In the history of obsolescence (Betamax, medicinal bleeding, phrenology) few stories can top that of Edward "Ned" Kynaston, an English Restoration-period actor who specialized in female roles when vestigial Puritan regulations prevented women from taking the stage. Kynaston was renowned as a leading lady and was a major celebrity in London until Charles II opened the stage door for women--overnight rendering Kynaston the leading practitioner of a vocation for which there was no longer any use.
Gender-bending, identity confusion, precipitous downfalls--all good stuff that Twin Cities writer Jeffrey Hatcher explored in his 1999 play Compleat Female Stage Beauty, which he has adapted for the new film Stage Beauty, starring Billy Crudup and Claire Danes. Over soft drinks at Dan Kelly's in downtown Minneapolis, Hatcher admits that he's experiencing the same "terror and expectation" over the film's release as he does on opening night of his many plays. Hatcher's original work and adaptations have played in town at the Guthrie, Children's Theatre Company, and Illusion Theater, as well as mid-sized and regional theaters around the country. With August Wilson and Craig Wright no longer in town, he's Minnesota's best-known working playwright.
Middle-aged, bespectacled, wryly relaxed, and open, Hatcher comes across as appealingly down-to-earth and humble about his wide-ranging work (he's even penned a Columbo TV movie). His workmanlike versatility and steady output have earned him a reputation as an artistic chameleon.
"I've heard that," Hatcher says. "I've been known to put on different outfits. But you could have a crime drama, or a romance, or a slapstick comedy, and something the same about the writer bleeds through."
Judging from the taut and bawdy dialogue in Stage Beauty, that something in Hatcher's case is a joker's need for the line that breaks his audience up. "My wife says she can tell when I'm nervous at a party because I joke too much," he says. "I've even thought about, for an exercise, writing a play without any jokes."
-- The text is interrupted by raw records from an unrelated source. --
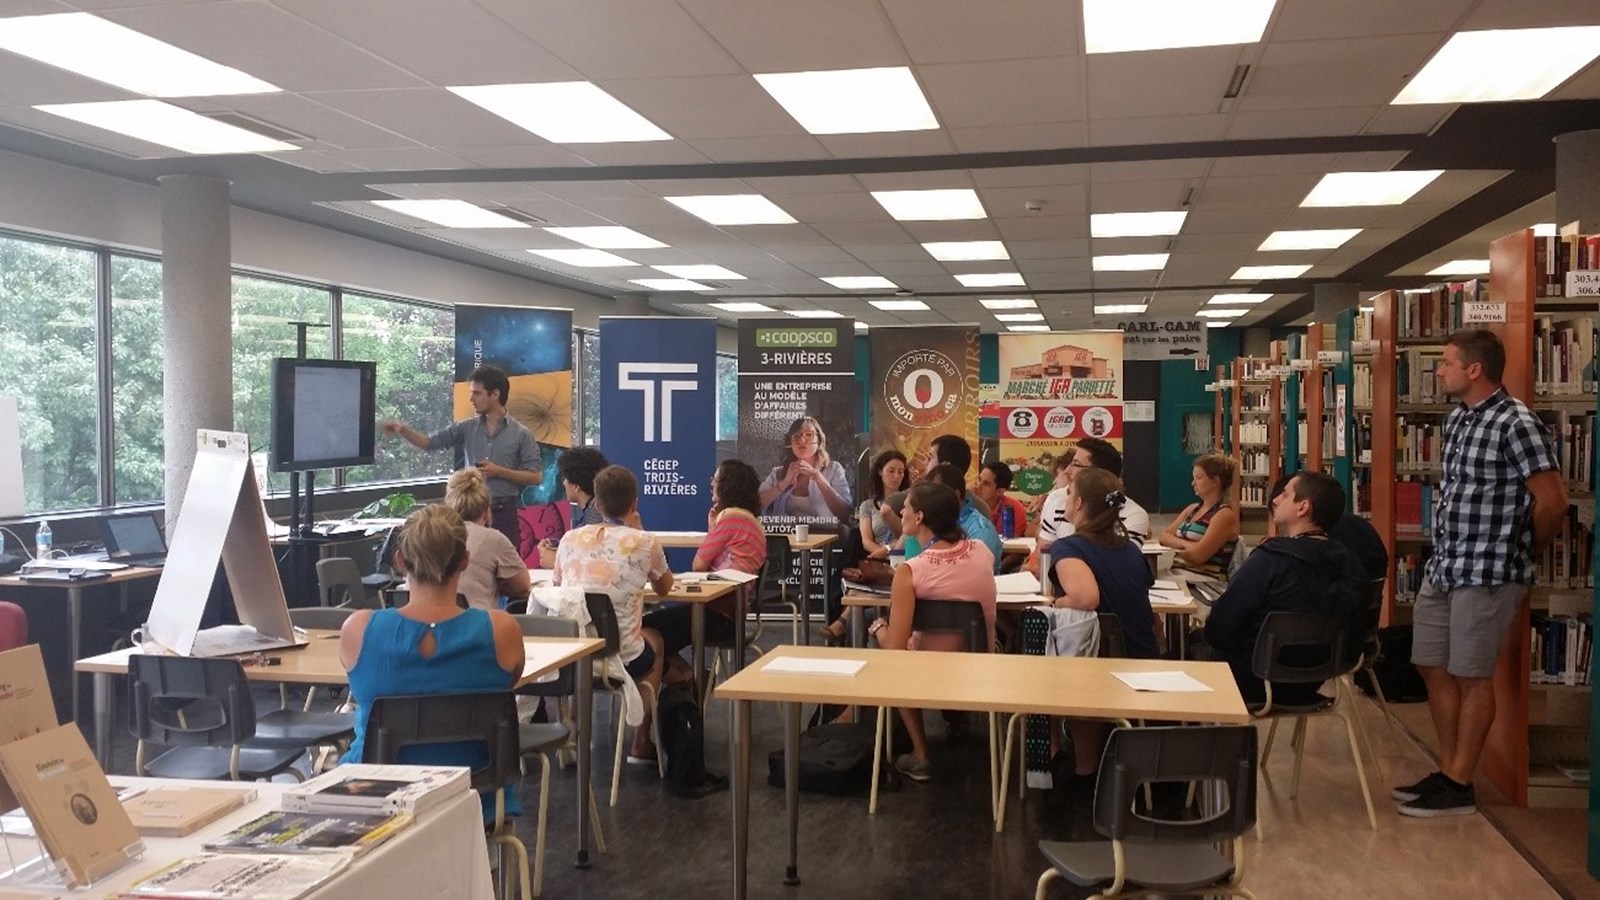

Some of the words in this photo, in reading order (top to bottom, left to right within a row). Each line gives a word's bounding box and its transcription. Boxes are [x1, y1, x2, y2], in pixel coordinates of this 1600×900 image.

[761, 350, 832, 365] 3-RIVIÈRES
[754, 382, 773, 390] UNE
[775, 382, 832, 391] ENTREPRISE
[1049, 378, 1071, 394] IGA
[1071, 380, 1115, 393] PAQUETTE
[754, 392, 767, 400] AU
[754, 402, 807, 410] D'AFFAIRES
[644, 458, 679, 470] CÉGEP
[644, 472, 684, 482] TROIS-
[644, 483, 697, 495] RIVIÈRES
[798, 516, 838, 524] MEMBRE
[764, 524, 791, 533] LUTÔT
Let's hope he doesn't. After an hour of amiable and loose conversation with Hatcher, it's apparent that his sensibility is what makes the movie work. It's foremost a piece of prideful craft, the product of a writer who wants attention focused on the actors rather than himself.
"I have an affinity for actors, probably because acting was what I originally wanted to do," says Hatcher. "Even in the most thankless role I write, I make sure that each actor has a moment that stands out."
Stage Beauty's strengths--crackling dialogue and a pristinely balanced structure--make for a clever and entertaining film. Crudup carries the movie with a nuanced and frequently unsympathetic performance of Kynaston--in his signature role of Desdemona, he bashes through the death scene with such fervor that he thoroughly chafes his fellow actors.
Danes, as Kynaston's servant Maria, fares less well in navigating her character's transformation from dressing-room drudge to overnight starlet after Charles's edict. Her performance is reactive and indistinct, though the character is sufficiently well written that her orbit around Kynaston is crucial to making the movie's pieces fit together. One reason for her unfocused work might be her task of playing one character fused together from two in the original play. "It was a scary thing that ended up taking a day to do," Hatcher says of the splice job he performed for the sake of dramatic economy.
Also failing to match Crudup's standard is Rupert Everett, who as King Charles phones it in during off-peak hours. And Zoe Tapper as Charles's lover and Kynaston's nemesis seems anachronistic and broad. An implausible sequence at the climax leads to Kynaston's semi-redemption with a definite whiff of a Hollywood ending, but Hatcher draws a distinction.
"Kynaston does come through the fire," he says. "But what was important to me was that his redemption come through acting instead of some unbelievable psychological breakthrough." Spoken like a professional storyteller: Show, don't tell, in other words. "The real Kynaston did survive," Hatcher adds. "He never played leading roles again, but he made a living for himself playing secondary roles."
From top banana to bit player--hey, work's work. Stage Beauty spares us Kynaston's mundane years, dishing up the juicy stuff--his arrogant heights, appalling lows, and a made-up evening in which a man trained to play women finally plays a man, and in the end has the honesty to admit he doesn't know who the hell he is or ever was.